The 10th anniversary New York Asian Film Festival, aka NYAFF 2011, spans today through July 14. This is the first NYAFF I'll miss since I began attending back in 2006, but I will do my best to clue to you into what's dope. B/c there's a LOT of dope films (some I've previewed) and premieres at this bad-boy. Tribeca it most certainly AIN'T. Check the entire schedule here and read on for my daily picks:
* NYAFF: * "Milocrorze: A Love Story" (dir. Yoshimasa Ishibashi, 2010) screening @ Walter Reade Theatre / Lincoln Center @ 65th St (1 to 66th St), 9p. I've heard this described as Matthew Barney, only Japanese and incredibly more artistic and designer-drug psychedelic. I mean, this multidimensional romp isn't even a Japanese word! It kicks off the festival (only fitting, putting an unclassifiable freakout first), plus director Yoshimasa Ishibashi and lead Takayuki Yamada attend the screening.
* NYAFF: "Horny House of Horror" (dir. Jun Tsugita, 2010) @ Walter Reade Theatre / Lincoln Center @ 65th St (1 to 66th St), midnight. You…kinda should know what you're getting yourself into, attending a film titled "Horny House of Horror". You want sexy? We got Saori Hara (hello!) and crew leading a murderous massage parlor. You want gore? It's a murderous massage parlor! Penises cut in twain are just the beginning! Splatter king Yoshihiro Nishimura will see to that. You want hilarity? Asami's Viking-esque charges and the wiggling ass-wall must be seen to be believed. Can't you tell I love this film?

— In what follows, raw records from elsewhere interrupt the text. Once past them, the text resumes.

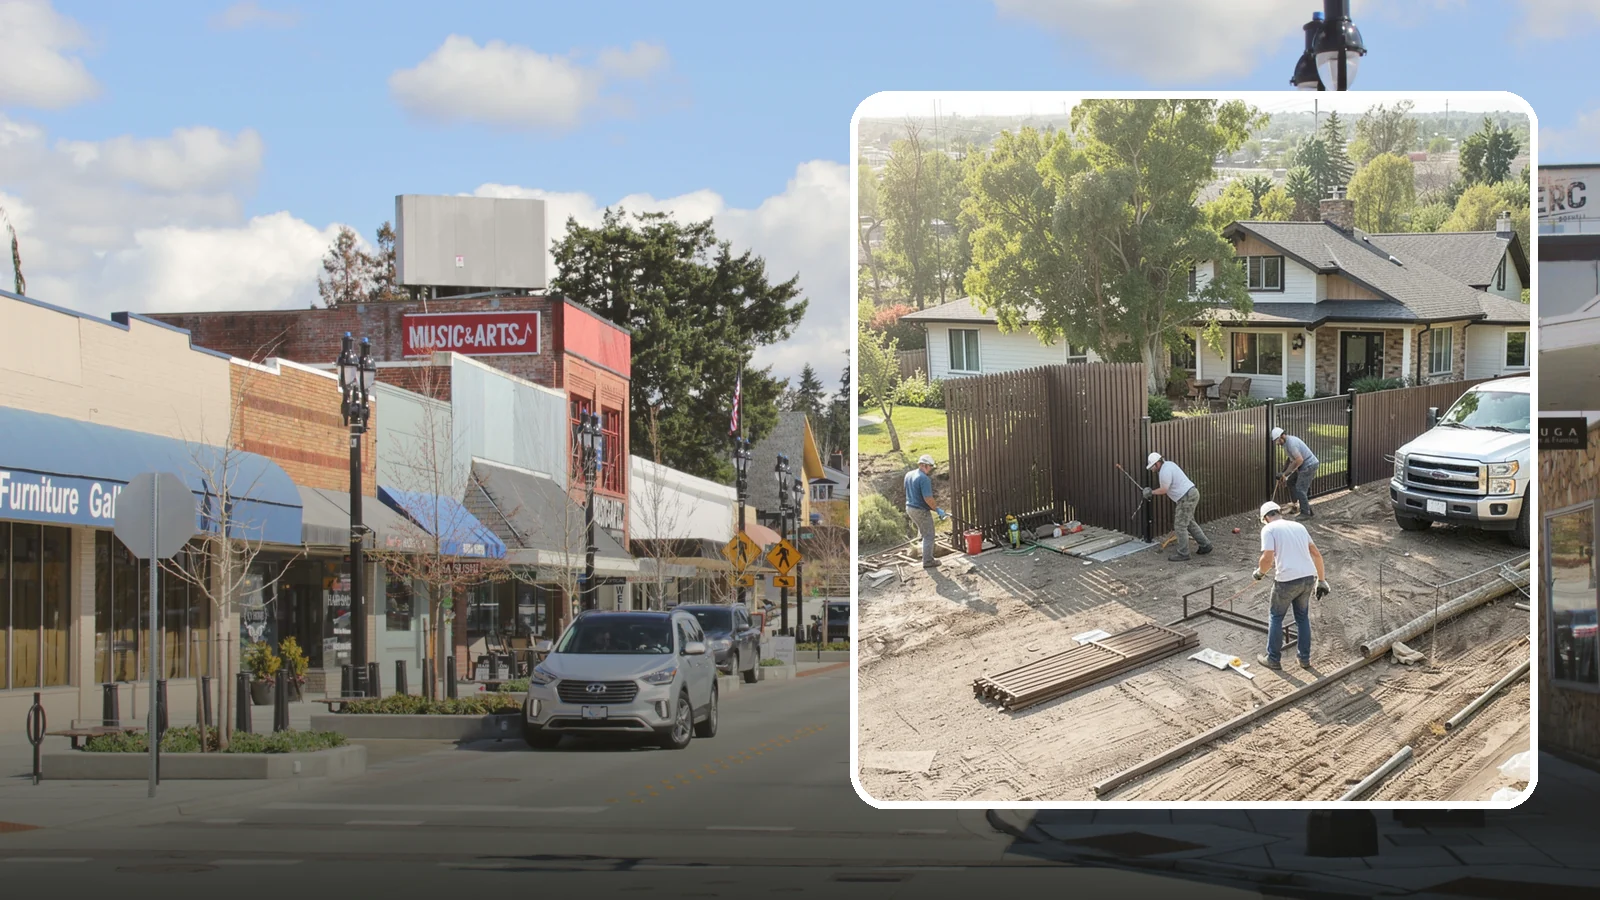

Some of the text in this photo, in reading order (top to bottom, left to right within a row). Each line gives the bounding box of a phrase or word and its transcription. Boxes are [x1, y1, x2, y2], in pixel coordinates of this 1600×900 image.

[408, 323, 519, 348] MUSIC&ARTS
[1540, 428, 1577, 436] UGA
[0, 471, 79, 515] Furniture
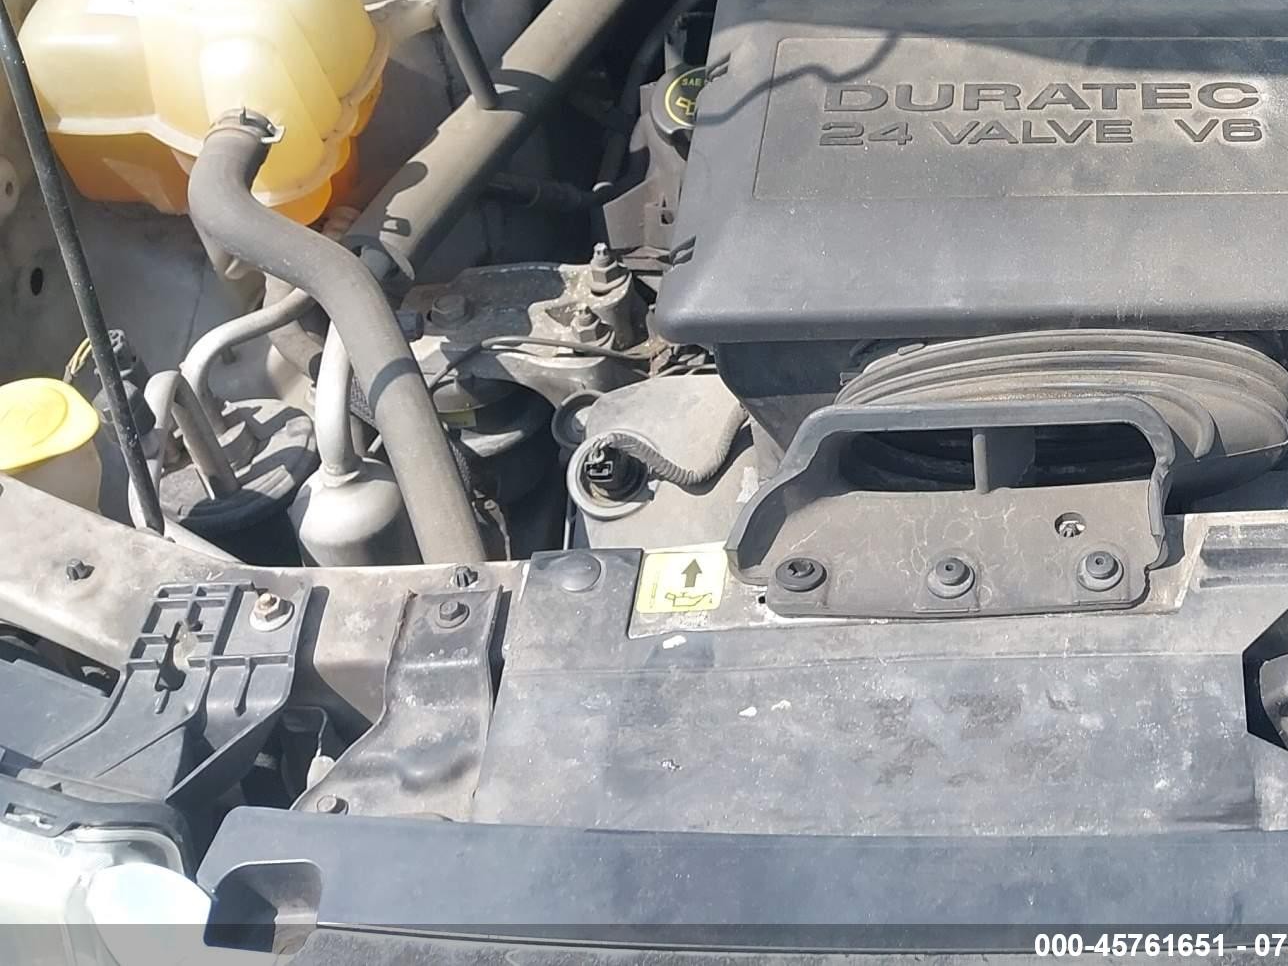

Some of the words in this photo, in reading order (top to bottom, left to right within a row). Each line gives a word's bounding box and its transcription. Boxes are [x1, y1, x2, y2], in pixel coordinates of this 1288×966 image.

[681, 77, 702, 87] SAE
[823, 81, 1260, 113] DURATEC
[818, 120, 914, 147] 24
[932, 119, 1133, 145] VALVE
[1173, 118, 1265, 144] V6
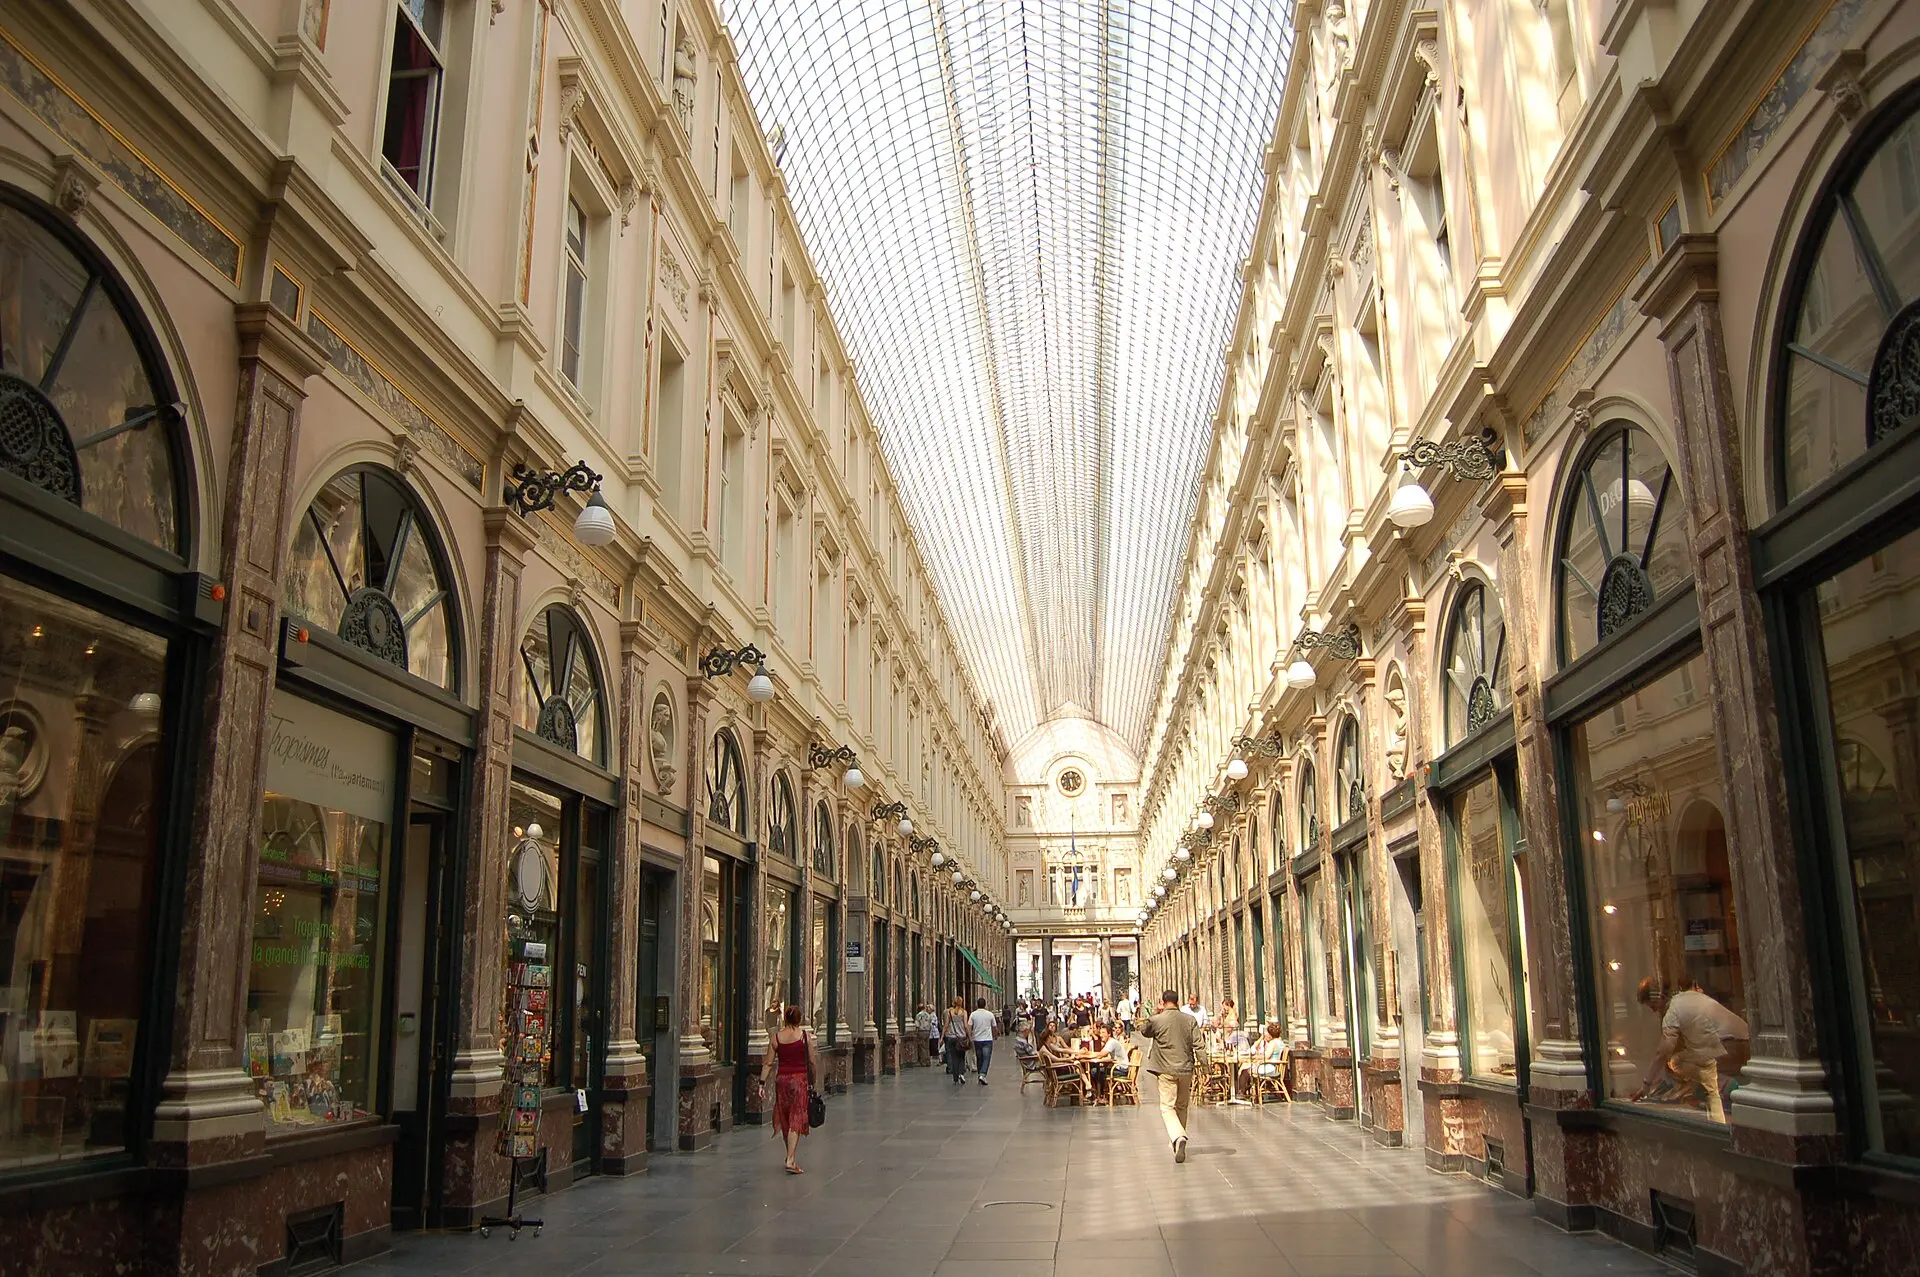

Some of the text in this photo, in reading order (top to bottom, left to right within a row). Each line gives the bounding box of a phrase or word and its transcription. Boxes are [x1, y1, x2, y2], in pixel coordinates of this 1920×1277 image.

[267, 713, 331, 770] Tropismes
[253, 942, 262, 962] la
[265, 945, 298, 966] grande
[576, 963, 587, 977] PEN

* "Seven Samurai" (dir. Akira Kurosawa, 1954) @ IFC Center / 323 Sixth Ave (ACE/BDFM to W 4th St). You cannot top Kurosawa-san in epic fight-scenes. Hence astute leader Takashi Shimura and his odd band of rebels, incl. the always-lovable Toshiro Mifune, who can do no wrong w/ a nodachi. Super film buffs, see this Saturday morning and follow w/ Takashi Miike's "13 Assassins" (screening at NYAFF) for like a full day of jidaigeki awesomeness. ALSO SAT-MON
* "13 Assassins" (dir. Takashi Miike, 2010) @ Cinema Village / 22 E 12th St (NR/L/456 to Union Square). YES! This classic jidaigeki done Miike style is just too badass for words. See the director's cut at NYAFF (read on below) but don't miss its well-deserved proper screening run at this theatre.
* "Fargo" (dirs. Joel & Ethan Coen, 1996) midnight screening @ IFC Center / 323 Sixth Ave (ACE/BDFM to W 4th St). Few directors can spin a coal-black comedy like the Coen brothers. And "Fargo" may be at the top of that list, a live grenade with Frances McDormand's powerful performance as a plainspoken pregnant police chief vs. a menagerie of bumblers and hooligans spitting Minnesota Nice whilst murdering one another. ALSO SAT
* Lower Dens + Dirty Beaches @ South Street Seaport, Pier 17 (23/34/JMZ to Fulton St), 7p/FREE. Like a breath of fresh, cooling air, the ultra distortion of guitar mangler Alex Zhang Hungtai, aka Vancouver's Dirty Beaches, one part Elvis and one part "Fallen Angels"-era Wong Kar-Wai. Baltimore's Lower Dens turn the blistering shoegaze even further, with Jana Hunter's soothing alto producing peace about the noisy squalls.
* Jennifer Walshe & Nick Hallett @ ISSUE Project Room / 232 3rd St, Gowanus (D/NR to Union St), 8p/$10. Hallett, the tony tenor and co-curator of Darmstadt Institute 2011, closes out their monthlong June festival w/ Walshe, a spirited Irish composer and vocalist attuned to extended techniques.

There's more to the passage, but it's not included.